* [What the exercise asks]:
Omit every picture and return the rest of the data unaltered.

* [Phrase grounding data]:
————
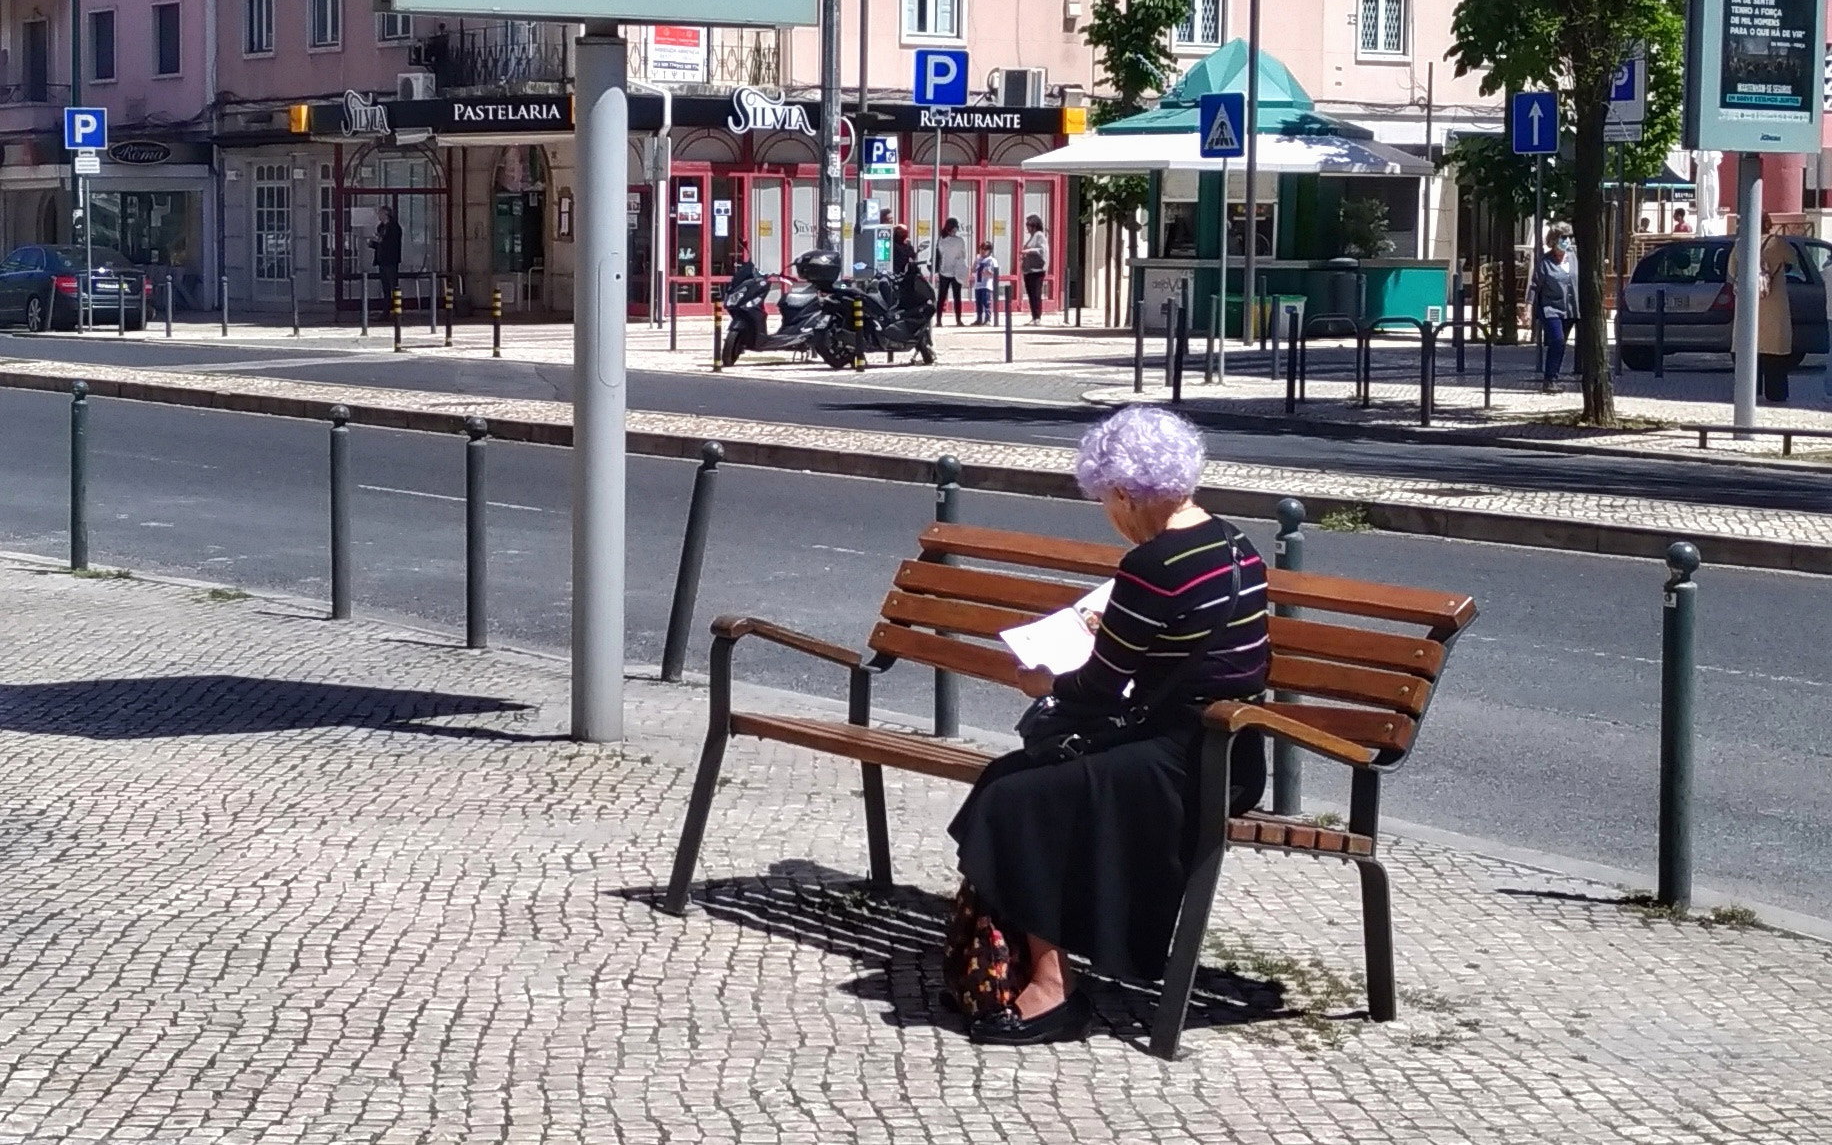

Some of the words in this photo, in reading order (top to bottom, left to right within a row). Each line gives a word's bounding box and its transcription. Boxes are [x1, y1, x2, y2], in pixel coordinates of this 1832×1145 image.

[1730, 16, 1739, 24] DE
[1741, 17, 1752, 25] MIL
[1754, 18, 1780, 26] HOMENS
[1731, 6, 1753, 14] TENHO
[1754, 7, 1760, 15] A
[1761, 8, 1783, 18] FORÇA
[1730, 27, 1748, 35] PARA
[1756, 28, 1770, 36] QUE
[1771, 28, 1781, 37] HÁ
[1782, 29, 1791, 37] DE
[925, 54, 957, 100] P
[75, 114, 97, 143] P
[873, 142, 884, 162] P
[868, 203, 879, 221] P
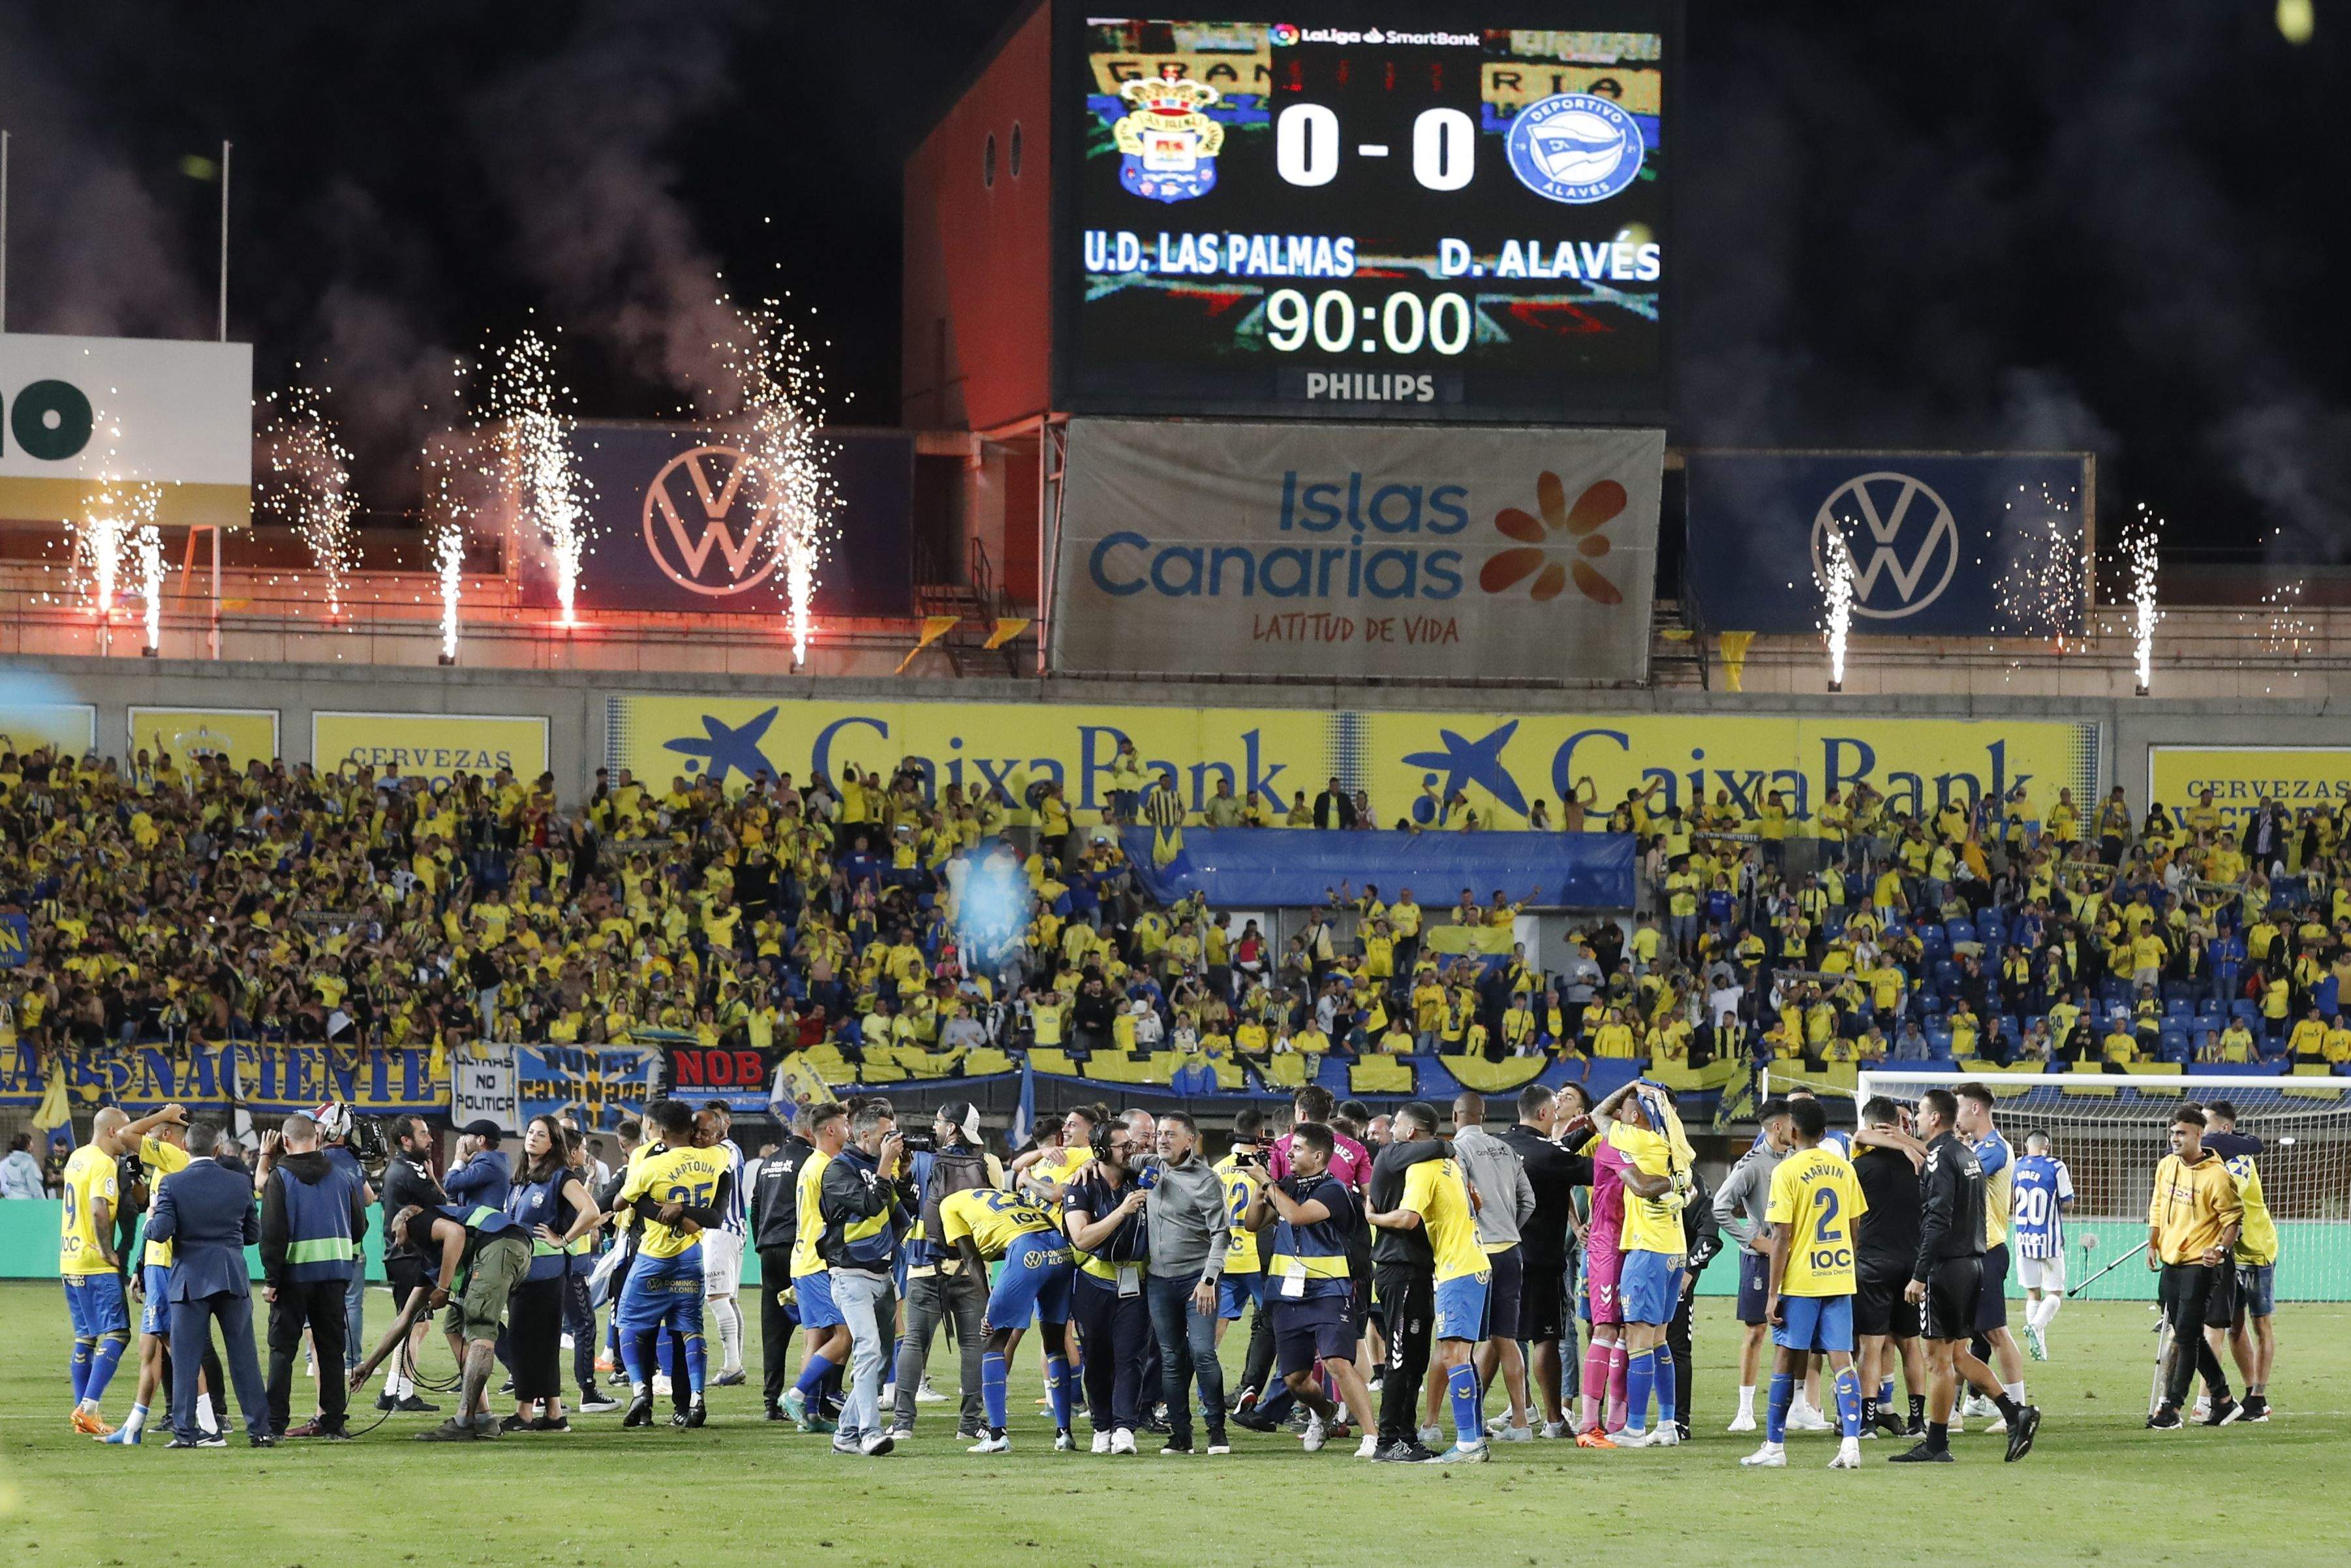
————
* [Response area]:
Some of the words in this photo, in reading order (top to bottom, left to right within a row). Each line gives a word's bounding box and its transcription. Boxes are [x1, y1, x2, y2], in pixel coordinates of this 1832×1145 image.

[1730, 16, 1739, 24] DE
[1741, 17, 1752, 25] MIL
[1754, 18, 1780, 26] HOMENS
[1731, 6, 1753, 14] TENHO
[1754, 7, 1760, 15] A
[1761, 8, 1783, 18] FORÇA
[1730, 27, 1748, 35] PARA
[1756, 28, 1770, 36] QUE
[1771, 28, 1781, 37] HÁ
[1782, 29, 1791, 37] DE
[925, 54, 957, 100] P
[75, 114, 97, 143] P
[873, 142, 884, 162] P
[868, 203, 879, 221] P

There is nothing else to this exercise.